• **PROBLEM STATEMENT**: Every line of the data below is to be duplicated exactly, pictures excepted.

• **THE DATA**:
━━━━━━━━━━━━━━━━━━━━

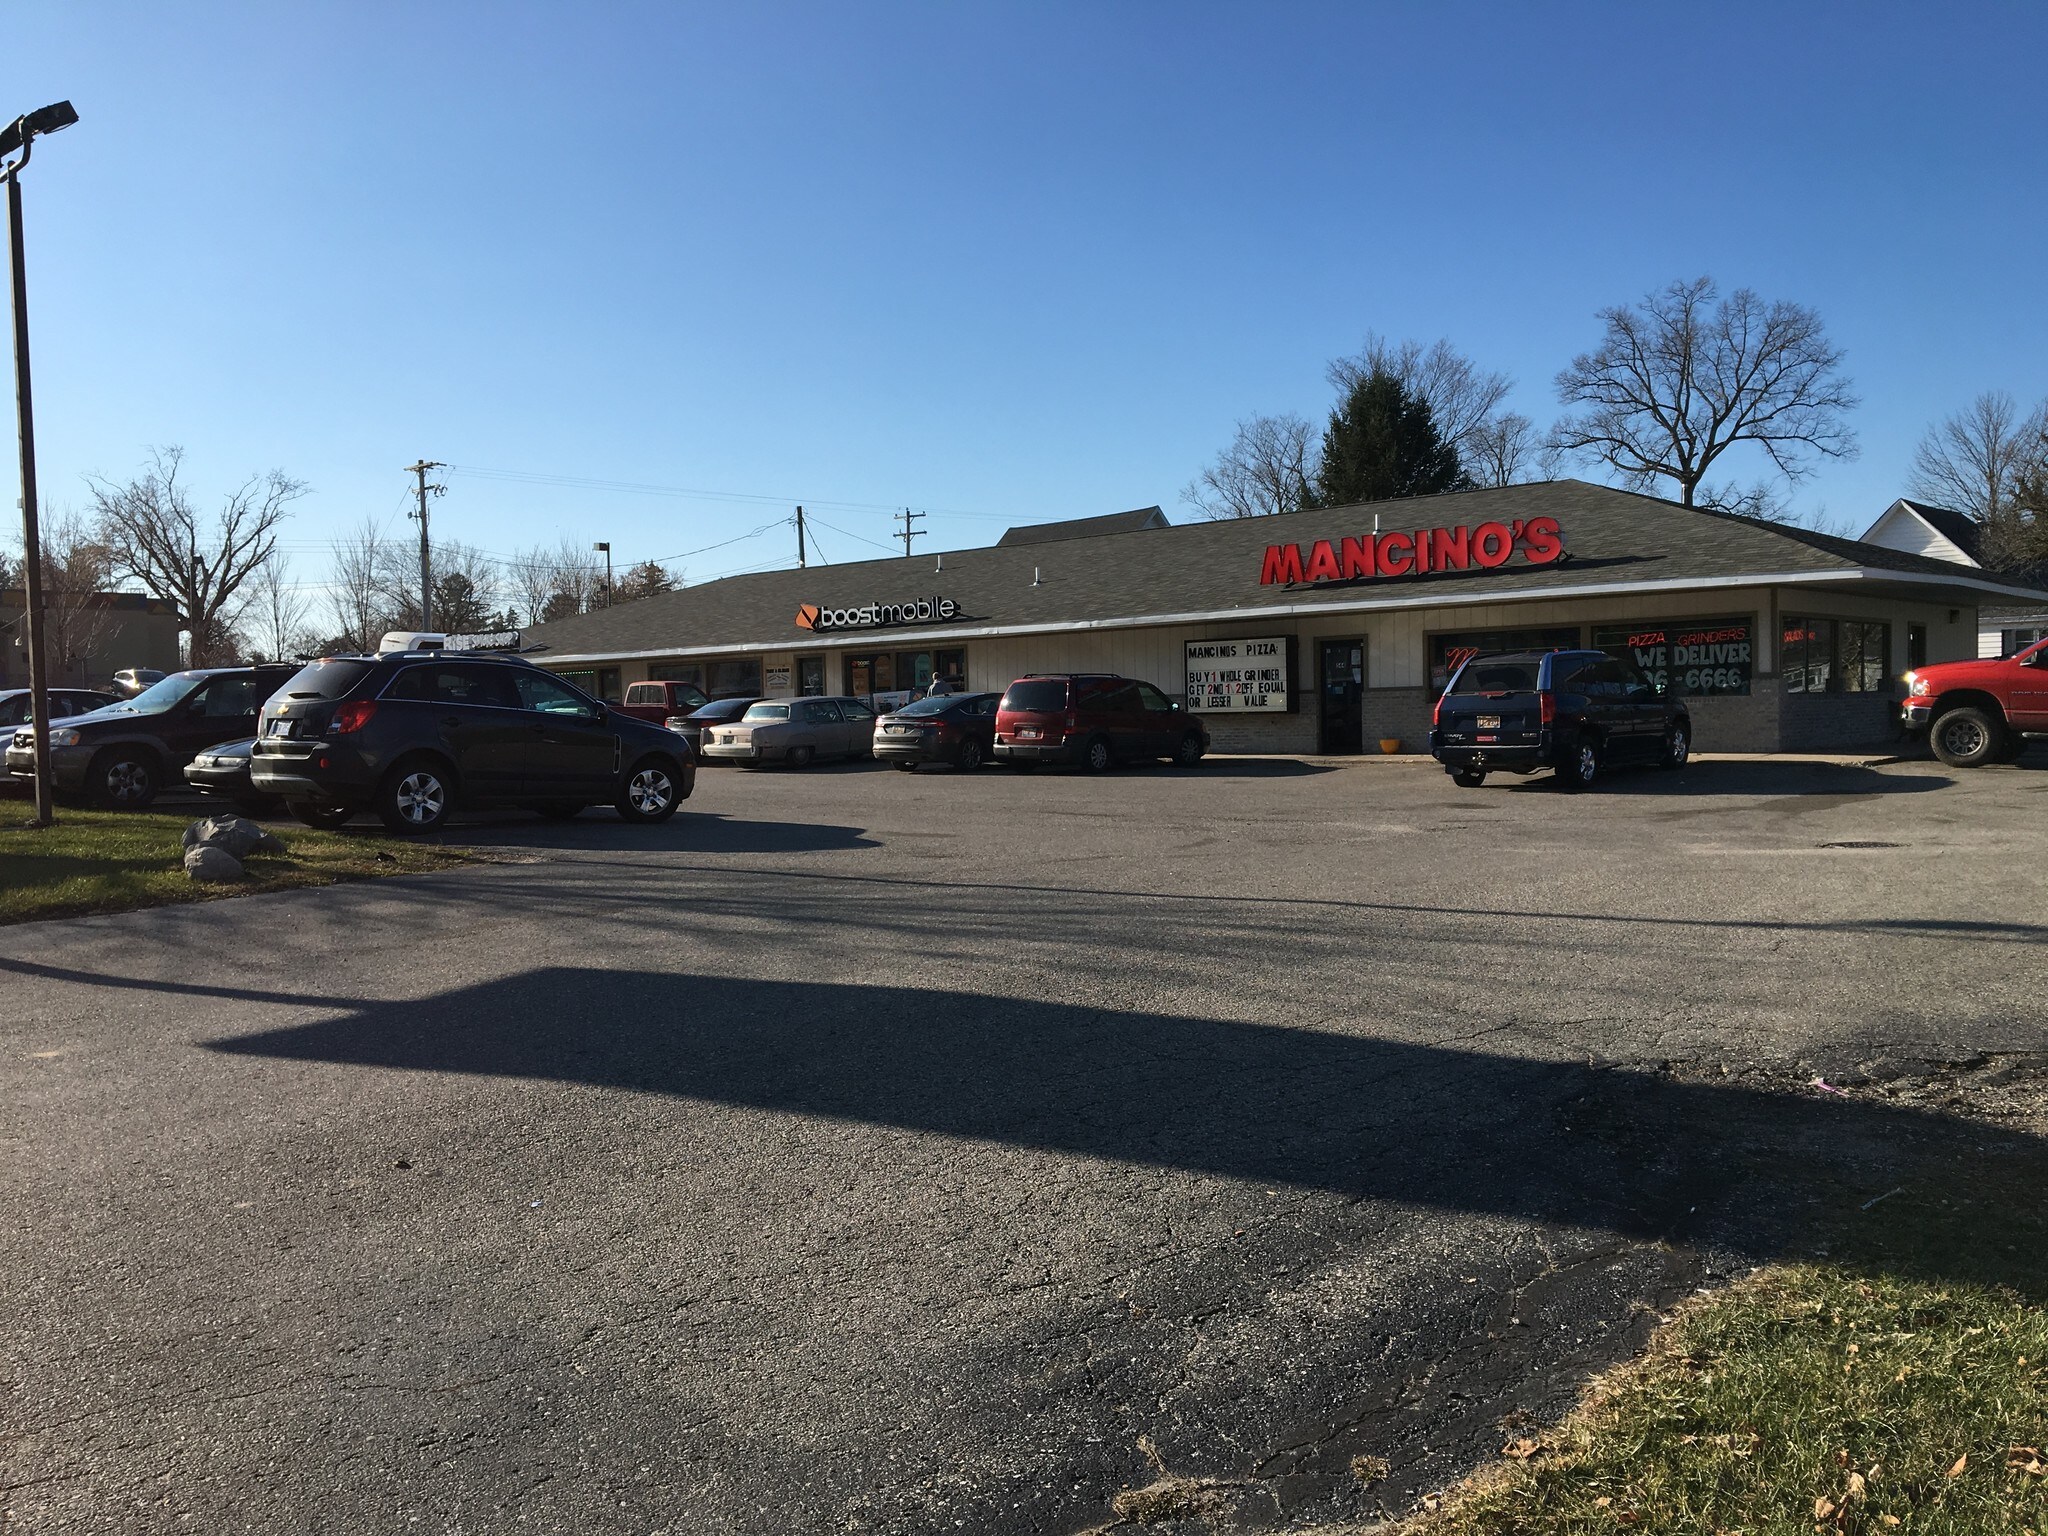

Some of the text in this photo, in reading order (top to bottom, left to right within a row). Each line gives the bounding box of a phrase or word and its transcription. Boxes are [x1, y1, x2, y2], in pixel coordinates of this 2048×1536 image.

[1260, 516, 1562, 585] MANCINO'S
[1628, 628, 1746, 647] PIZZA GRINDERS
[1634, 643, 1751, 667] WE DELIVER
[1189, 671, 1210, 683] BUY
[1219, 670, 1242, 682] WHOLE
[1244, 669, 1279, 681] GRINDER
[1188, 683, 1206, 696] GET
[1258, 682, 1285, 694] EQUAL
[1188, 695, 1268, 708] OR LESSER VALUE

━━━━━━━━━━━━━━━━━━━━

• **WRITTEN RESPONSE**:
Some of the text in this photo, in reading order (top to bottom, left to right within a row). Each line gives the bounding box of a phrase or word and its transcription. Boxes are [x1, y1, x2, y2], in pixel coordinates of this 2048×1536 image.

[1260, 516, 1562, 585] MANCINO'S
[1628, 628, 1746, 647] PIZZA GRINDERS
[1634, 643, 1751, 667] WE DELIVER
[1189, 671, 1210, 683] BUY
[1219, 670, 1242, 682] WHOLE
[1244, 669, 1279, 681] GRINDER
[1188, 683, 1206, 696] GET
[1258, 682, 1285, 694] EQUAL
[1188, 695, 1268, 708] OR LESSER VALUE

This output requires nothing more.